There’s a drug called Syfovre from Apellis Pharmaceuticals for geographic atrophy, which is part of dry AMD (age-related macular degeneration) for the eye. We have wet AMD and drugs for that: Eylea and others. But we’ve never had a dry AMD drug. I think that’s going to be impactful. There’s more of these patients out there than you think. The drug may not be a home run, but it’s a step in the right direction. Of course, it’s
not inexpensive.
There’s another drug called Veozah from Astellas Pharmaceuticals. It’s the first nonhormonal vasomotor symptom menopause drug. Estrogens have always been used for menopause. You don’t hear a lot about it (Veozah). But I think it’ll be impactful to a large group of patients in the country.
I guess they are not really drugs; they are vaccines.

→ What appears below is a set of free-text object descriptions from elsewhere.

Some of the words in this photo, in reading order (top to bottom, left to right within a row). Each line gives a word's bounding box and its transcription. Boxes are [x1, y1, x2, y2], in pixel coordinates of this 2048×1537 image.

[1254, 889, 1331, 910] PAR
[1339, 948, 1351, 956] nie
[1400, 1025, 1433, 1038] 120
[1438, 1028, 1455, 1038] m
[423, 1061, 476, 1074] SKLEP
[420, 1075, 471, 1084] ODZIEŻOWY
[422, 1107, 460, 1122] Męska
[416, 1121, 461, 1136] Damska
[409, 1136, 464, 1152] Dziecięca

There’s a couple RSV (respiratory syncytial virus) vaccines. One from GSK called Arexvy was just approved. And then there’s another one on the way from Pfizer. I think they can have some impact.
You discussed Mounjaro at the Academy of Managed Care Pharmacy Annual Meeting in San Antonio this spring as perhaps being a huge drug in terms of sales. Could you fill us in on where things stand with Mounjaro and what your expectations are for that drug?

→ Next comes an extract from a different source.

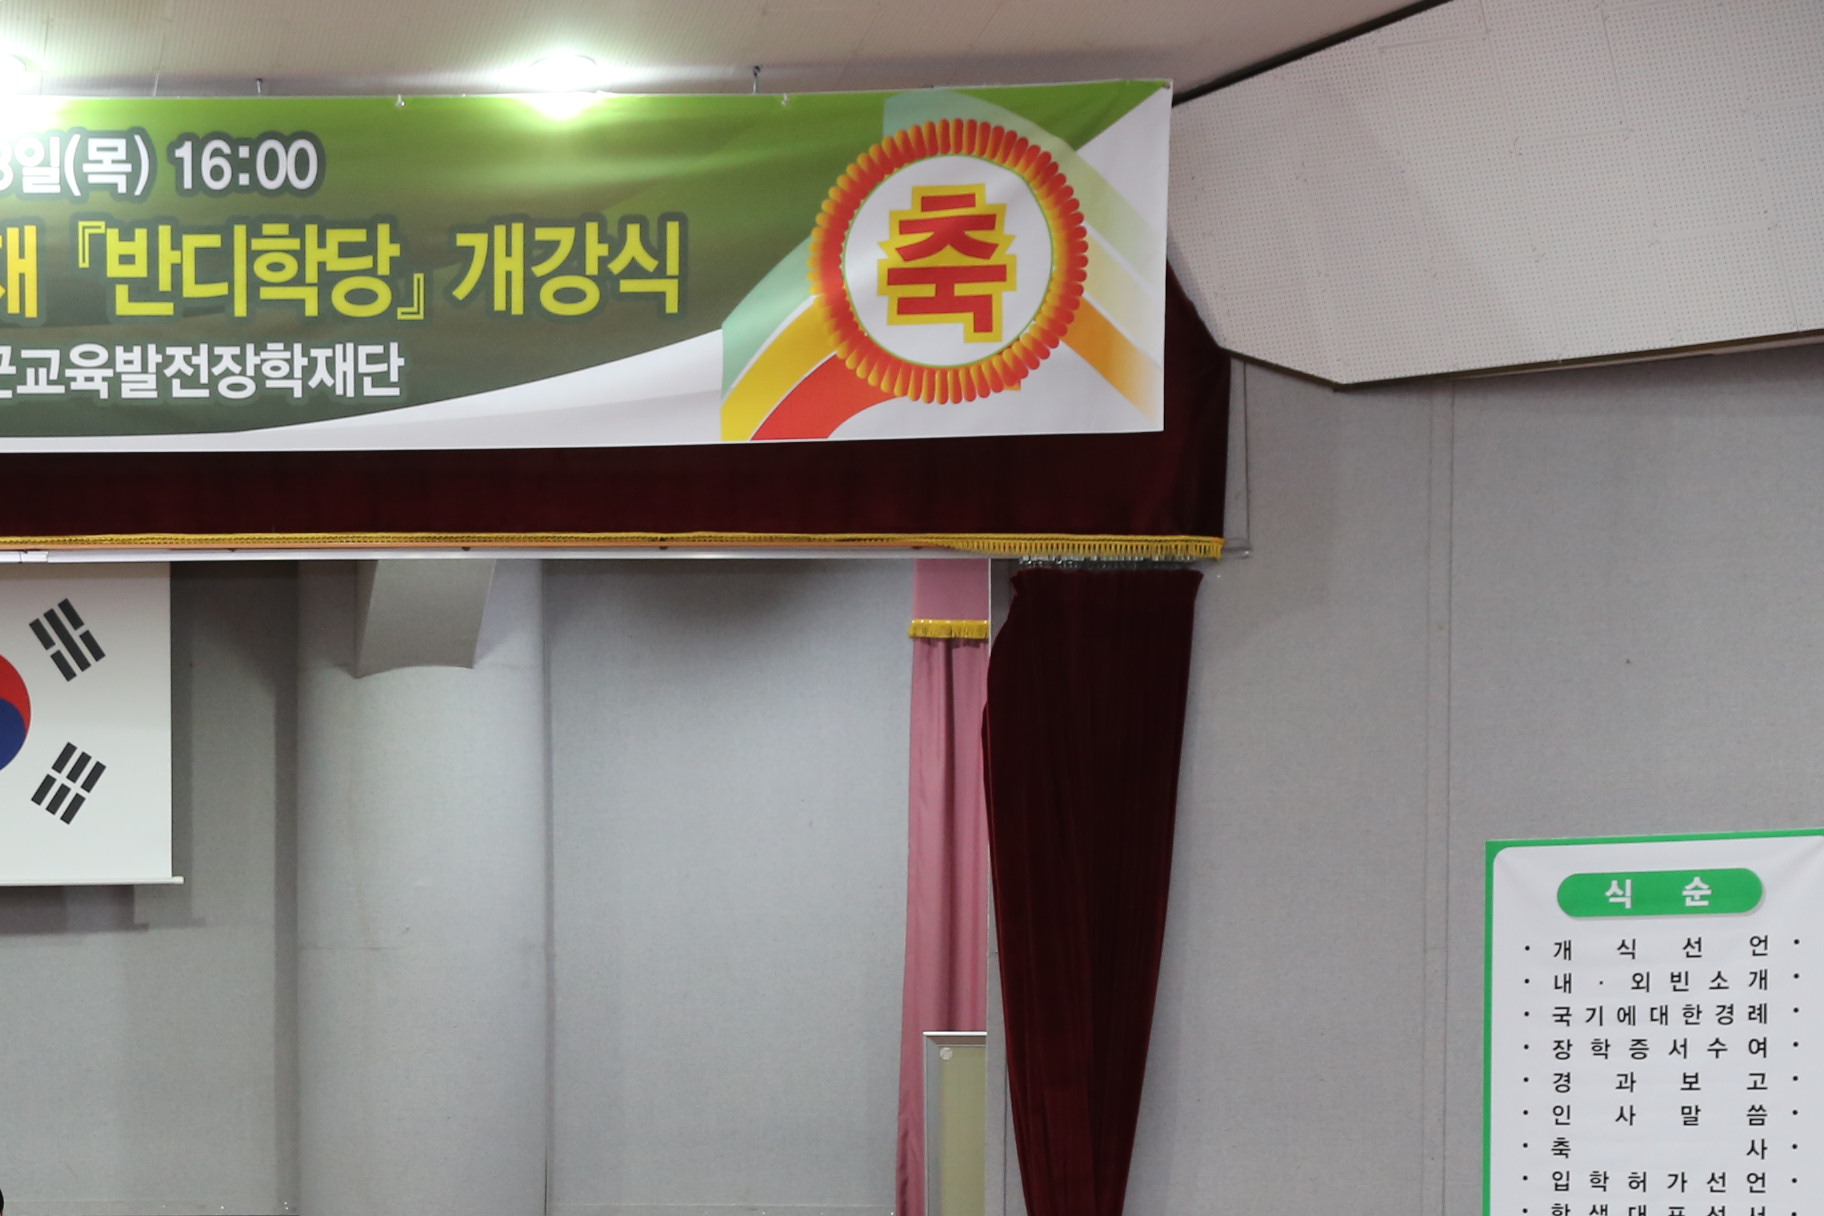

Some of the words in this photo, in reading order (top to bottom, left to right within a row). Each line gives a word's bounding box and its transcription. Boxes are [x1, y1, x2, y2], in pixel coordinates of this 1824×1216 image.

[176, 138, 318, 190] 16:00
[454, 220, 681, 316] 개강식
[880, 186, 1017, 342] 축

The statement I made was Mounjaro could be the first $100 billion drug. We’ll see.
Just to put that in perspective, Humira is the biggest drug of all time in terms of annual sales, at $25 billion to $30 billion.
Weight loss is kind of like the holy grail of pharmaceuticals. If you control your weight, you solve a lot of problems. It’s a huge market.

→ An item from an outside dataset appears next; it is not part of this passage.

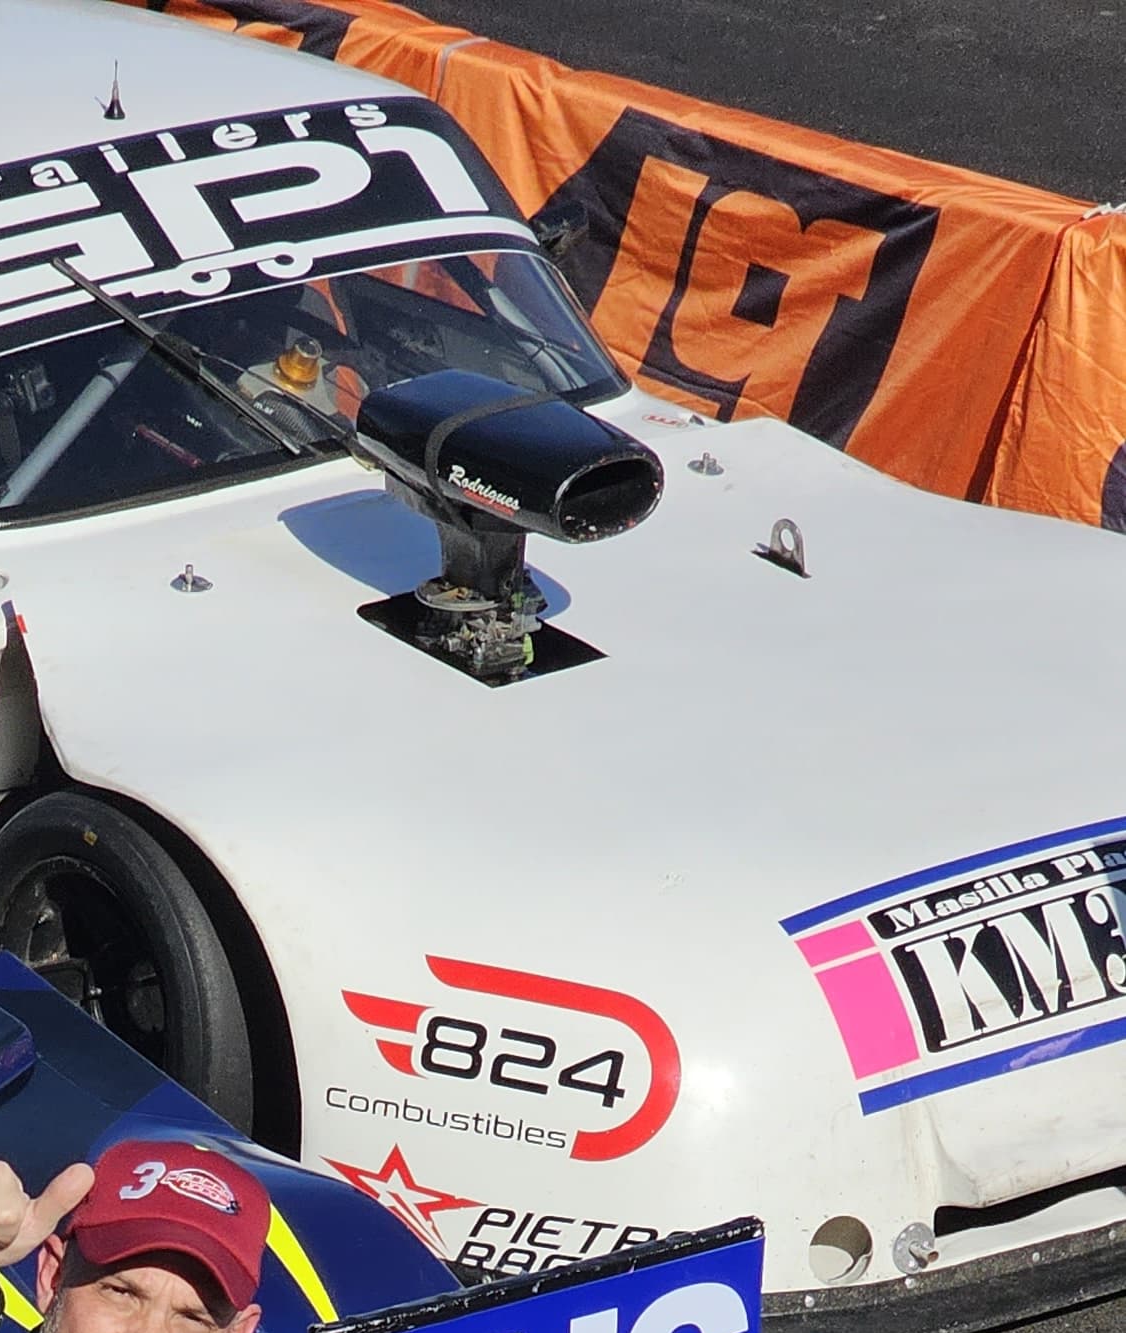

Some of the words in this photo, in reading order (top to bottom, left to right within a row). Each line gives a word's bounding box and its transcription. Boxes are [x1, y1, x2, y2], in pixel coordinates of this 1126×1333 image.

I just spoke to a subscriber of IPD in the past few weeks, and the subscriber mentioned that the GLP-1 category, which includes Ozempic, Trulicity and Victoza, is up about 75% year over year. You usually don’t see that, especially in a fairly mature category.
Payers are having to control drug spend in that category. It’s maybe 25% of payers who have some type of coverage for weight loss, and that coverage is more common among self-funded clients.
So the coverage is fairly slim at the moment. But payers are looking to add more controls as they look at their per-member, per-month costs rising. They trying to ensure the patient has type 2 diabetes and is not just taking a GLP-1 for weight loss. This will be a topic that keeps all of us discussing weight loss for years to come.
You see it as maybe being a $100 billion drug. But aren’t the payers going to prior authorize this to bits and add utilization review?
I’m not great at predicting the future. But I think slowly the doors will open up, and there will be more coverage. I think the political pressure will lead to more coverage.
Another avenue to get to the $100 billion is a diagnosis called NASH (nonalcoholic steatohepatitis), or fatty liver disease. Both Ozempic and Mounjaro are being studied in NASH.
So you have type 2 diabetes for these drugs. You have weight loss. You have NASH. I think that each one of those is a big therapeutic category. You add all three, and it’s a monster.